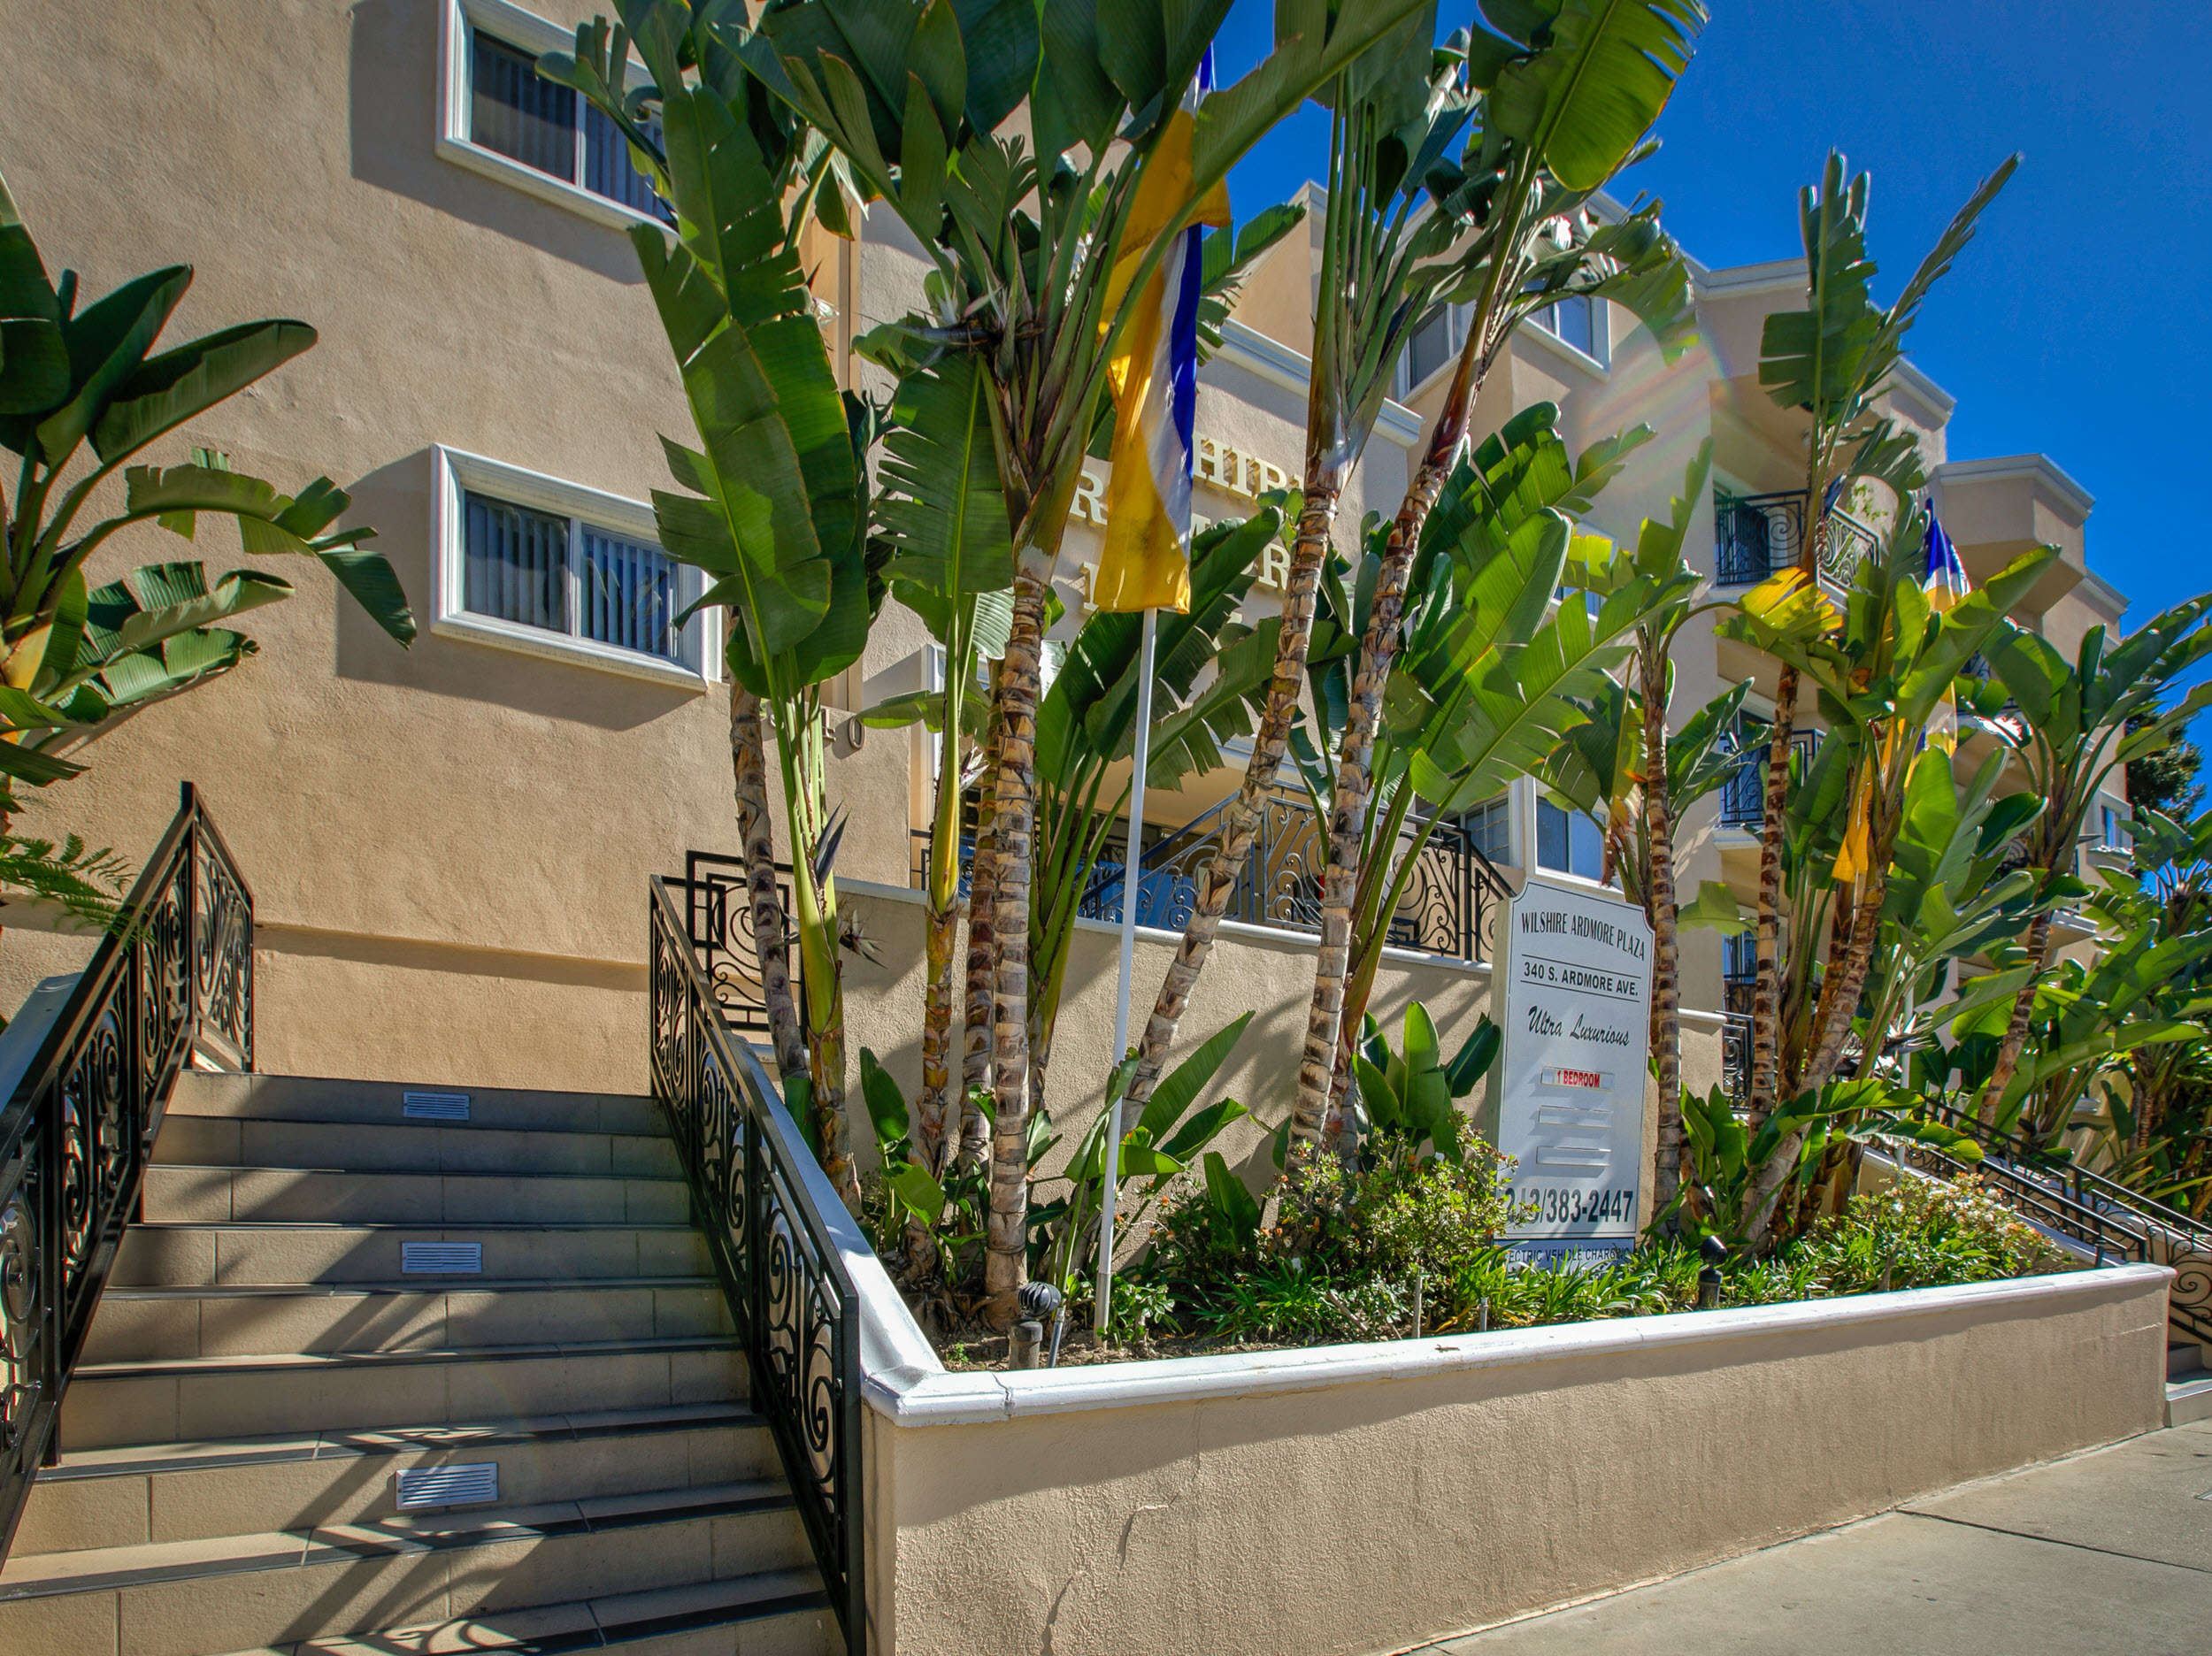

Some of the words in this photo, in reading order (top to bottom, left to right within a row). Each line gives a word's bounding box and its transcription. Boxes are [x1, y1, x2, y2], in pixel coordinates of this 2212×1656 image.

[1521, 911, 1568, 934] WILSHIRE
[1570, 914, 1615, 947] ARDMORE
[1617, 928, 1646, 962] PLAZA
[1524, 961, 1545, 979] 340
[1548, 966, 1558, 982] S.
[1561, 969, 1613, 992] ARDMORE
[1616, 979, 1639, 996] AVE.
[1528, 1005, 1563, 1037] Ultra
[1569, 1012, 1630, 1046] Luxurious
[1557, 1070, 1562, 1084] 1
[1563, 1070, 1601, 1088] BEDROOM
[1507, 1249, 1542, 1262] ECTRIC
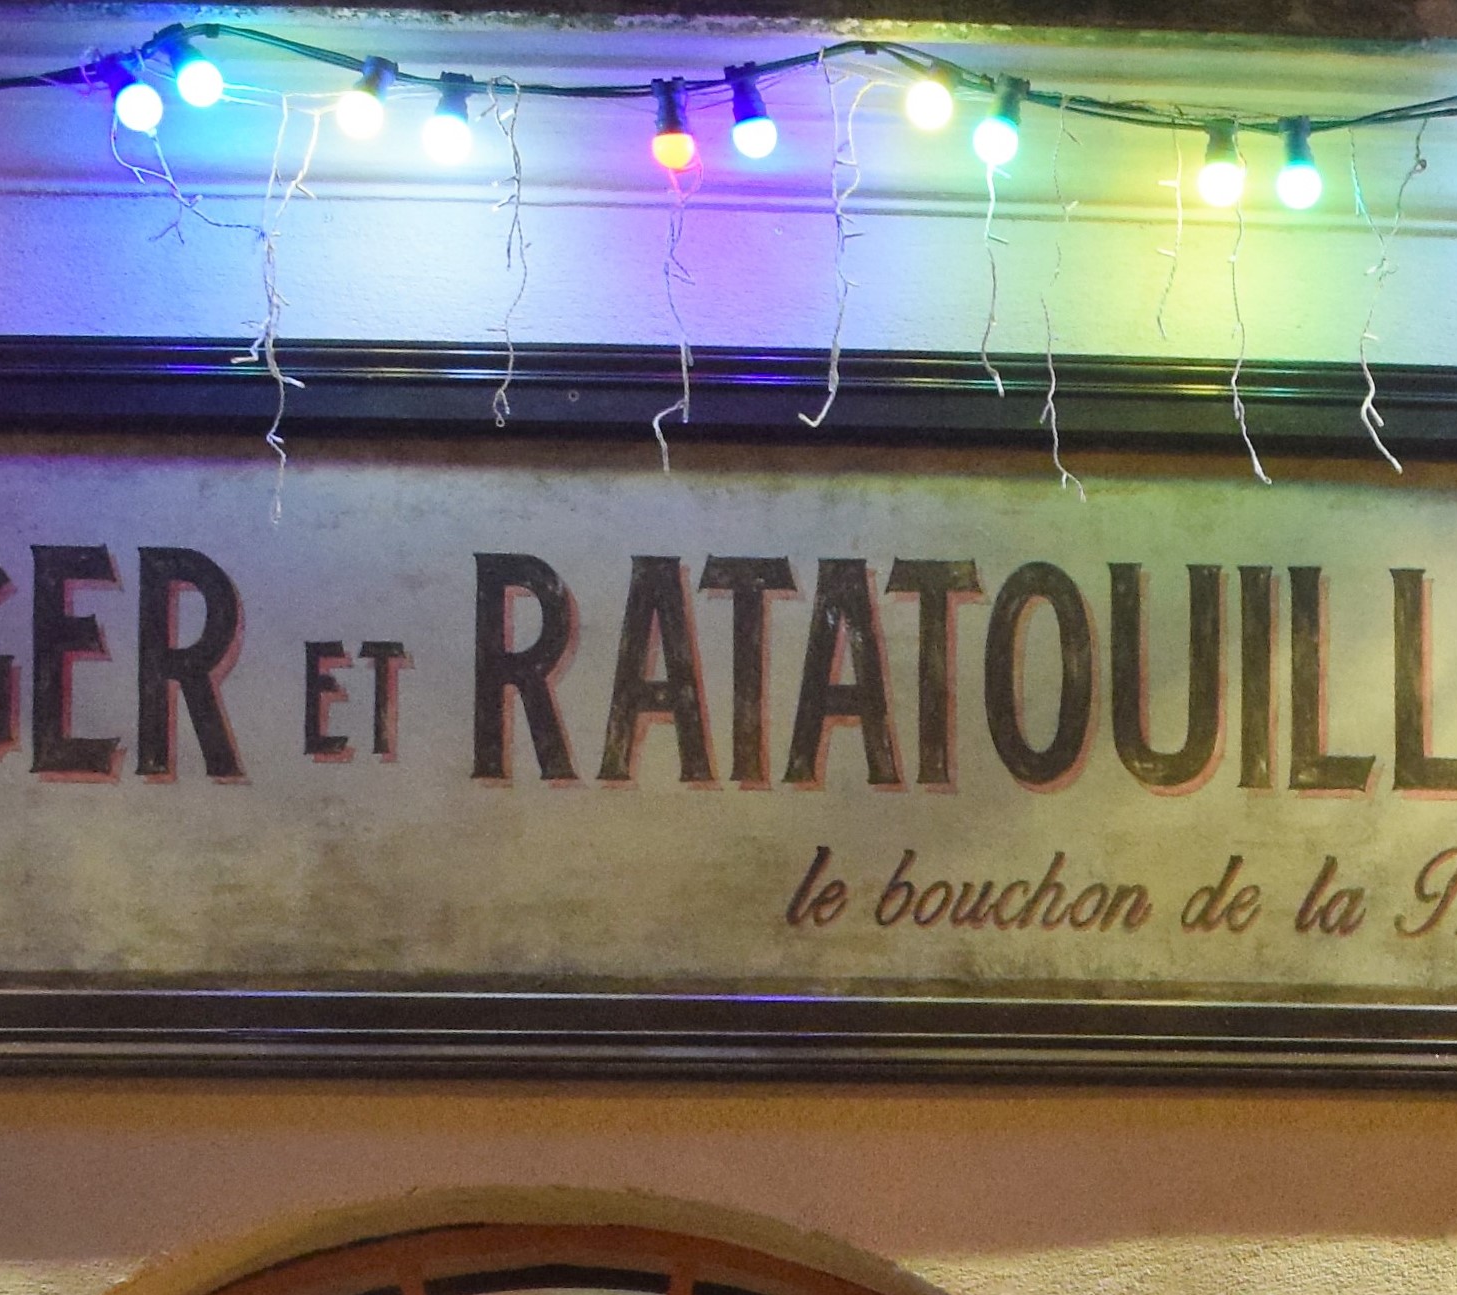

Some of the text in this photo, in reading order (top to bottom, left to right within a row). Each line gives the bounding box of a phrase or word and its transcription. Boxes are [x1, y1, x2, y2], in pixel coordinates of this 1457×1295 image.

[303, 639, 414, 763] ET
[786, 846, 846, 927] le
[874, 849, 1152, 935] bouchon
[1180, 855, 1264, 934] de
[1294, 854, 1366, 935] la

########################################

#### EXERCISE PROMPT:
Your copy should match the data above exactly, apart from the pictures.

#### RESULT OF THIS EXERCISE:
Some of the words in this photo, in reading order (top to bottom, left to right within a row). Each line gives a word's bounding box and its transcription. Boxes are [x1, y1, x2, y2], in pixel coordinates of this 2212×1656 image.

[1521, 911, 1568, 934] WILSHIRE
[1570, 914, 1615, 947] ARDMORE
[1617, 928, 1646, 962] PLAZA
[1524, 961, 1545, 979] 340
[1548, 966, 1558, 982] S.
[1561, 969, 1613, 992] ARDMORE
[1616, 979, 1639, 996] AVE.
[1528, 1005, 1563, 1037] Ultra
[1569, 1012, 1630, 1046] Luxurious
[1557, 1070, 1562, 1084] 1
[1563, 1070, 1601, 1088] BEDROOM
[1507, 1249, 1542, 1262] ECTRIC

Some of the text in this photo, in reading order (top to bottom, left to right within a row). Each line gives the bounding box of a phrase or word and its transcription. Boxes are [x1, y1, x2, y2], in pixel coordinates of this 1457×1295 image.

[303, 639, 414, 763] ET
[786, 846, 846, 927] le
[874, 849, 1152, 935] bouchon
[1180, 855, 1264, 934] de
[1294, 854, 1366, 935] la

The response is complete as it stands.